Dia ingat sekarang, bahwa dia yang menolong gadis itu saat teman-teman Ibra membully-nya di toilet sekolah. Memercikkan air hingga bajunya nyaris basah kuyub. Tentu saja menciptakan pemandangan yang mengenaskan karena bagian tubuhnya sedikit menerawang.
Dan Ibra, entah mengapa rasa iba nya muncul begitu saja. Lalu dia melepas jas sekolahnya dan memakaikannya pada perempuan adik kelasnya itu lalu menggiring perempuan itu keluar dari toilet.
“Silahkan, Pak ... Bu ...” tiba-tiba pelayan tadi sudah berada di hadapan Livi dan Ibra, bahkan telah selesai menyajikan pesanan mereka.
“Mbak, tunggu ... !!” Livi memanggil Indira yang hendak beranjak.
“Ya ?” Indira berbalik.
“Maaf ya, kamu dulu sekolah di SMA 2 ya ?”
Deg !!
Indira terkejut karena mereka masih mengenalinya. Indira lantas hanya bisa mengangguk.
“Nggak nyangka ya, ada lulusan SMA 2 yang jadi pelayan kafe begini ?” Livi berkata dengan nada mengejek membuat Indira terkejut dan merasa tersinggung.
Tapi tentu saja dia hanya diam, sama sekali tak bermaksud untuk menjawab, karena akan menurunkan reputasi kafe jika Indira ikutan terpancing suasana.

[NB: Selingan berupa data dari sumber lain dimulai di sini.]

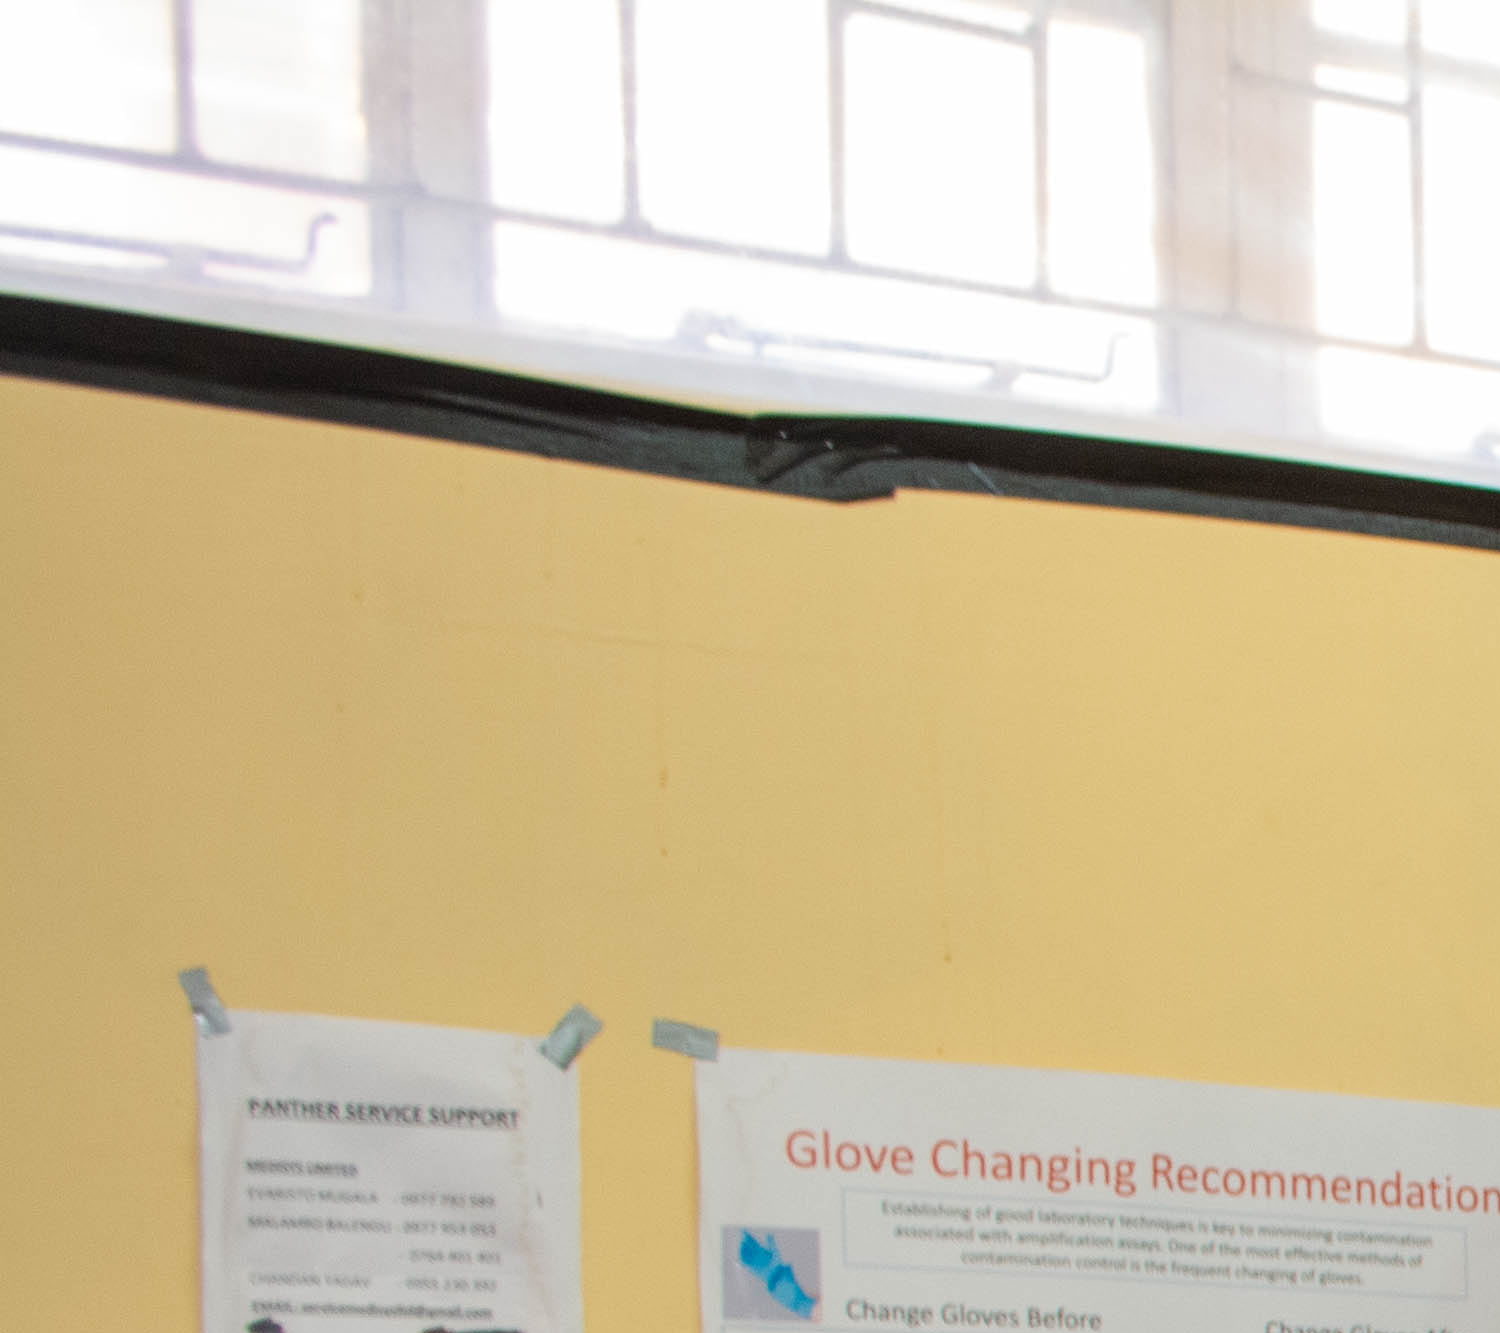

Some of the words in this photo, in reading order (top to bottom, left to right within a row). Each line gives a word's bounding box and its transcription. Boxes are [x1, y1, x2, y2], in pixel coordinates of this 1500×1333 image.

[249, 1098, 341, 1123] PANTHER
[346, 1102, 422, 1125] SERVICE
[428, 1104, 519, 1130] SUPPORT
[786, 1130, 914, 1175] Glove
[931, 1138, 1136, 1197] Changing
[882, 1201, 970, 1221] Establishing
[975, 1205, 991, 1220] of
[994, 1207, 1033, 1226] good
[1038, 1209, 1115, 1229] laboratory
[1119, 1214, 1194, 1235] techniques
[1212, 1220, 1236, 1238] key
[1239, 1223, 1253, 1236] to
[1337, 1228, 1433, 1248] contamination
[893, 1225, 973, 1242] associated
[979, 1228, 1013, 1244] with
[1016, 1230, 1113, 1251] amplification
[1168, 1238, 1197, 1254] One
[1201, 1240, 1217, 1256] of
[1219, 1242, 1242, 1257] the
[1246, 1246, 1280, 1260] most
[1284, 1245, 1345, 1263] effective
[1347, 1248, 1405, 1267] methods
[1408, 1253, 1423, 1268] of
[960, 1250, 1070, 1268] contamination
[1076, 1254, 1126, 1271] control
[1130, 1257, 1141, 1271] is
[1144, 1258, 1166, 1273] the
[1170, 1260, 1230, 1281] frequent
[1235, 1263, 1297, 1284] changing
[1301, 1268, 1316, 1284] of
[845, 1299, 934, 1328] Change
[941, 1302, 1020, 1329] Gloves
[1027, 1305, 1102, 1331] Before
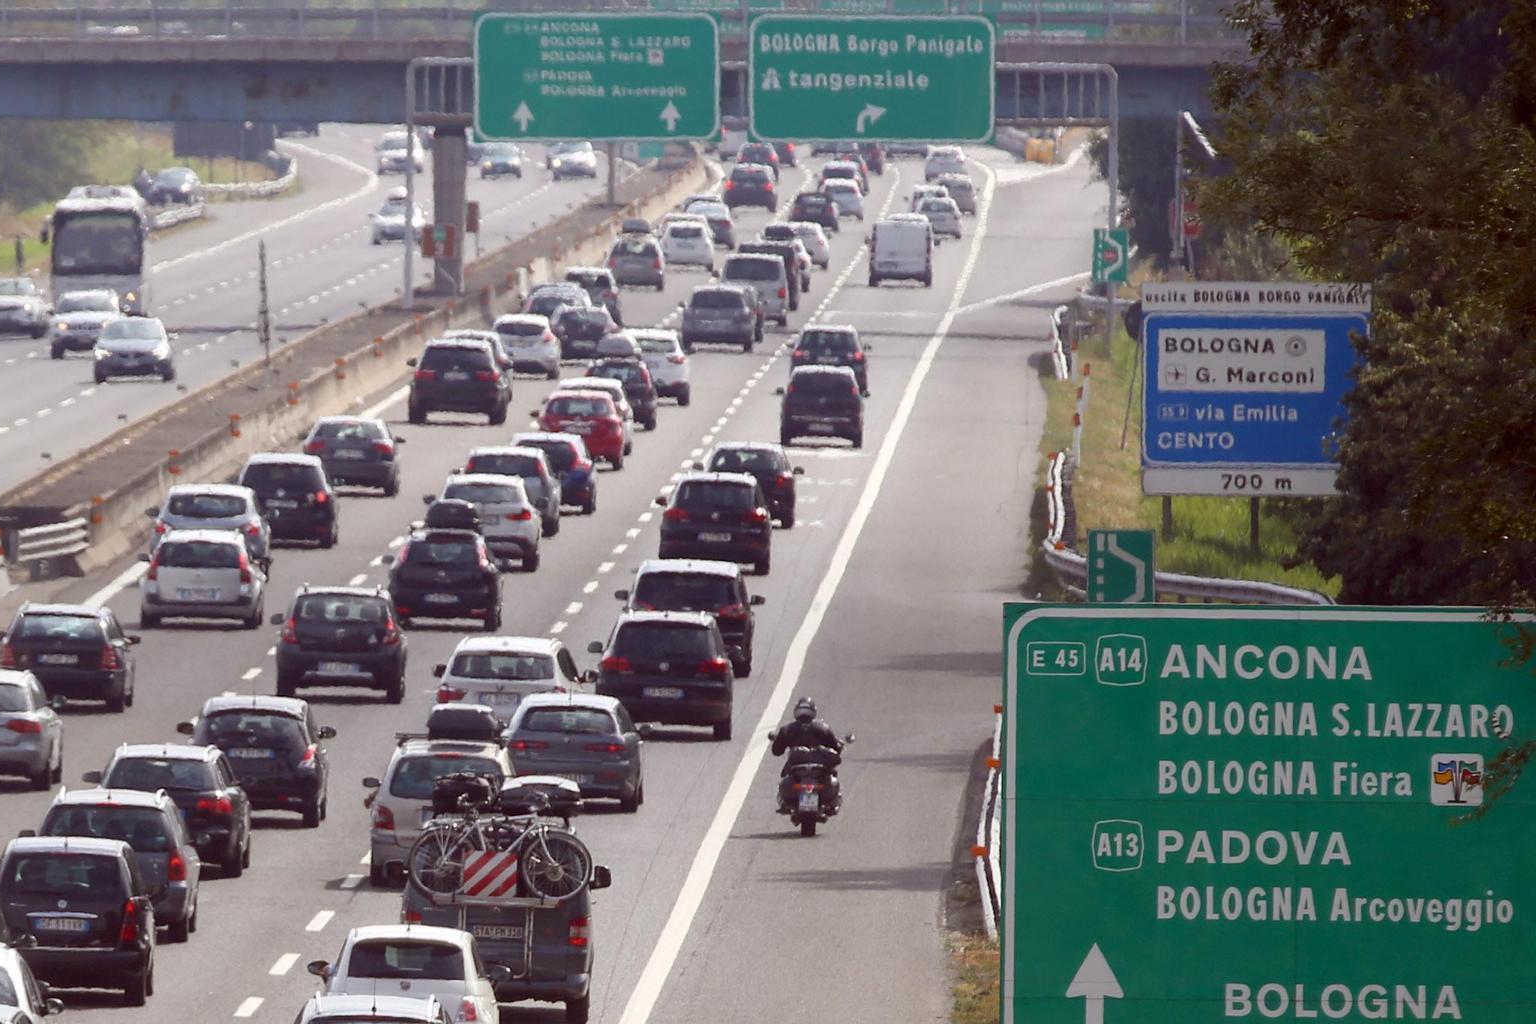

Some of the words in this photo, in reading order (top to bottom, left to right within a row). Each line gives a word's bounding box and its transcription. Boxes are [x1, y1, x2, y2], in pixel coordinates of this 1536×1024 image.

[540, 22, 599, 32] ANCONA
[540, 36, 604, 47] BOLOGNA
[760, 34, 840, 52] BOLOGNA
[848, 34, 898, 56] Borgo
[906, 34, 983, 57] Panigale
[540, 51, 604, 62] BOLOGNA
[541, 70, 592, 81] PADOVA
[789, 69, 929, 91] tangenziale
[540, 85, 604, 96] BOLOGNA
[1146, 291, 1187, 303] uscita
[1194, 291, 1250, 303] BOLOGNA
[1259, 291, 1301, 304] BORGO
[1165, 338, 1275, 354] BOLOGNA
[1196, 367, 1216, 383] G.
[1227, 367, 1315, 384] Marconi
[1195, 404, 1224, 420] via
[1233, 404, 1298, 421] Emilia
[1158, 432, 1234, 449] CENTO
[1221, 474, 1262, 489] 700
[1275, 478, 1292, 489] m
[1033, 650, 1046, 667] E
[1055, 649, 1079, 668] 45
[1099, 647, 1142, 672] A14
[1160, 644, 1372, 680] ANCONA
[1160, 701, 1318, 737] BOLOGNA
[1159, 760, 1317, 796] BOLOGNA
[1333, 762, 1412, 797] Fiera
[1097, 832, 1139, 857] A13
[1157, 829, 1351, 865] PADOVA
[1157, 885, 1316, 922] BOLOGNA
[1330, 887, 1513, 932] Arcoveggio
[1224, 983, 1462, 1019] BOLOGNA

“Livi ?” Ibra mengingatkan agar perempuan itu tak terlalu mengejek Indira.
“Kenyataan kan, Ibra ? Biasanya nggak ada kan alumnus sekolah kita yang jadi pelayan kafe ? Semuanya nyaris menjadi pengusaha atau pekerja kantoran seperti kita ini kan ?”
Ibra hanya geleng kepala dan segera menyuruh Indira untuk kembali ke tempatnya sebagai pelayan. Indira mengangguk santun dan berjalan ke belakang.
“Seharusnya kamu tak mengatakan hal itu didepan perempuan tadi” kata Ibra sambil mulai menyantap makanannya.
“Aku hanya mengatakan yang sebenarnya kan ? Kurasa tak ada yang salah” Livi masih saja ngotot dengan sikapnya.
“Tapi tidak harus blak-blakan begini kan ?”
“Kok kamu membela dia ?”
“Bukan membela, Livi ...”
“Sudah ! Jadi hilang selera makanku !” Livi menyudahi acara makannya dengan wajah cemberut.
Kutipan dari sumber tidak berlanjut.